Through town hall meetings, Iraqis are communicating directly with their elected officials in order to improve democratic governance in their communities. Working with civil society organizations, IRI has supported 115 town hall meetings in 15 of the Iraq’s 18 provinces since July 2010. The town halls have been attended by more than 6,000 Iraqis.
These town hall meetings facilitate the two-way communication between constituents and elected officials that is critical to successful democratic governance. These town halls have allowed elected officials to hear directly from their constituents, leading to concrete steps by these officials to address the concerns of their citizens.
For example, following an October 30, 2010, town hall meeting in Muthanna province, a provincial council member who participated in the town hall investigated a constituent concern about the lack of quality teachers in Muthanna schools.

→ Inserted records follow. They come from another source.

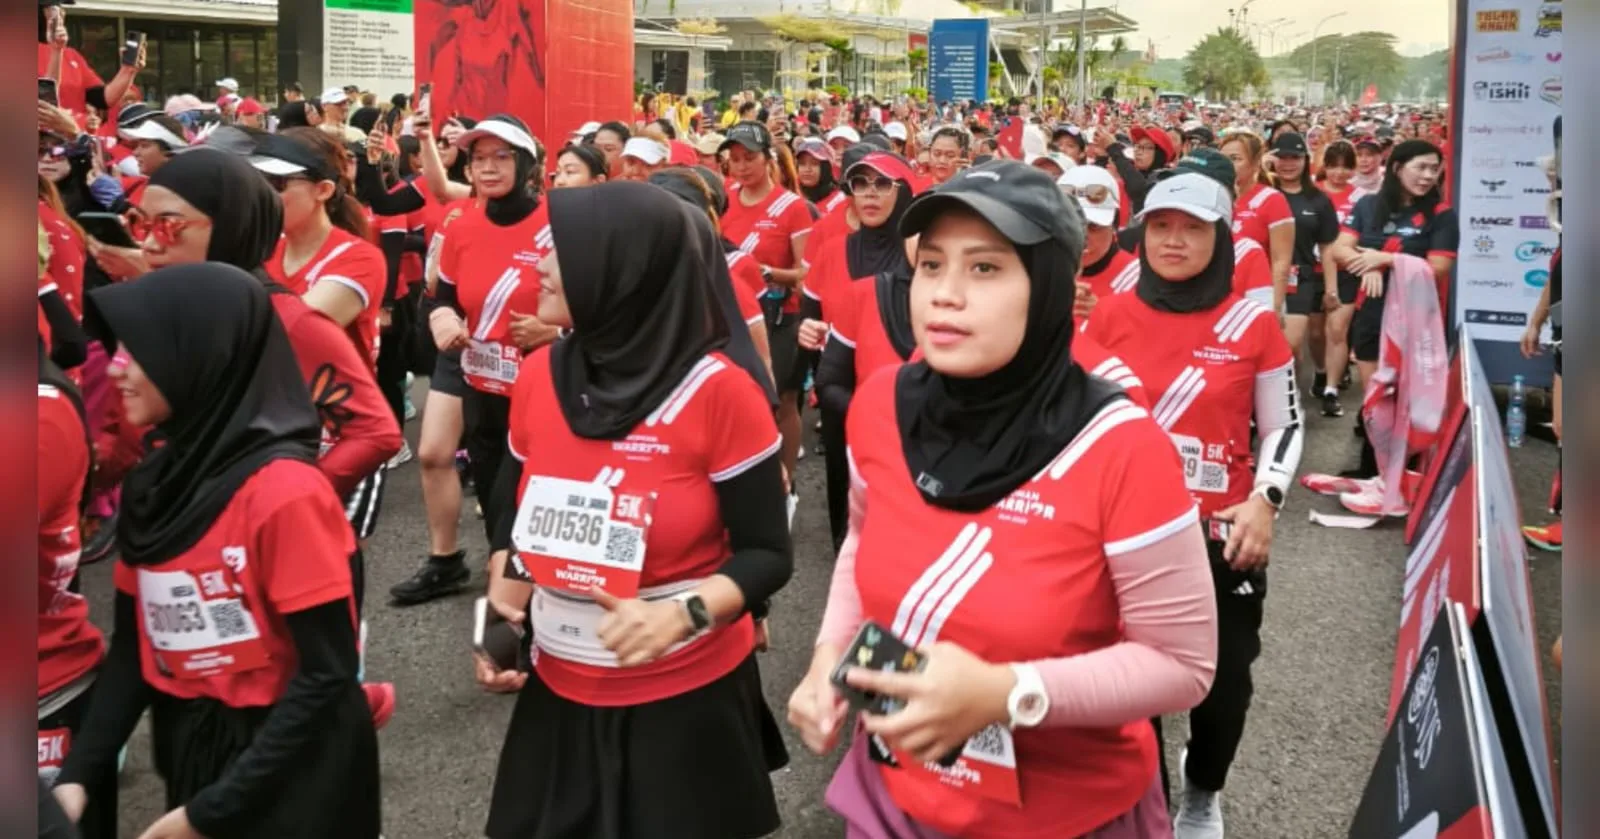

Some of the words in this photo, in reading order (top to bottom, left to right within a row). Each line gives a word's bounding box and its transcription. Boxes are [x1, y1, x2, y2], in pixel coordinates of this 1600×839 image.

[1207, 443, 1225, 460] 5K
[616, 494, 644, 519] 5K
[996, 498, 1056, 520] ARRIOR
[528, 505, 604, 546] 501536
[200, 570, 231, 596] 5K
[38, 735, 65, 762] 5K

The official discovered that an existing law mandating the employment of the top 10 graduates of the Teachers Institute was not being enforced, and as a result, 10 more qualified Iraqis are now employed as teachers in Muthanna schools.

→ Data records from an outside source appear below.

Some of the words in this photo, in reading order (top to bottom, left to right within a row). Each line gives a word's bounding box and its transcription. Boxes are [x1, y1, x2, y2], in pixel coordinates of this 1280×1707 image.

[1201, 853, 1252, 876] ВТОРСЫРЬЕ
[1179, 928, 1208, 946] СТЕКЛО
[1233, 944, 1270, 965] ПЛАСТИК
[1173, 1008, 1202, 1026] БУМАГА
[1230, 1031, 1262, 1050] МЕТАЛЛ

Similarly, during a town hall in Baghdad on August 9, 2010, facilitated by IRI’s partner the Baghdad Youth Center (BYC), Baghdad University students criticized the remote location of the university dormitory, requiring students to travel more than four hours round-trip to attend class because of checkpoints along the route. Following this meeting and subsequent follow-up by BYC, by September 10, 2010, a building near the campus was rented and opened as a dorm for the students.
In Anbar, the IRI-funded youth center conducts radio talk shows to facilitate a dialogue between elected officials and constituents. On October 27, 2010, a show was aired featuring Ms. Ibtisam Mohamed Darub, chair of the Anbar provincial council education committee. One of the callers to the radio program complained about the lack of books available in many of the province’s schools. Darub relayed the concerns to other members of the education committee and 4,500 textbooks on physics, English and math were purchased for schools in Habania, al-Khalidia and Saqlawi.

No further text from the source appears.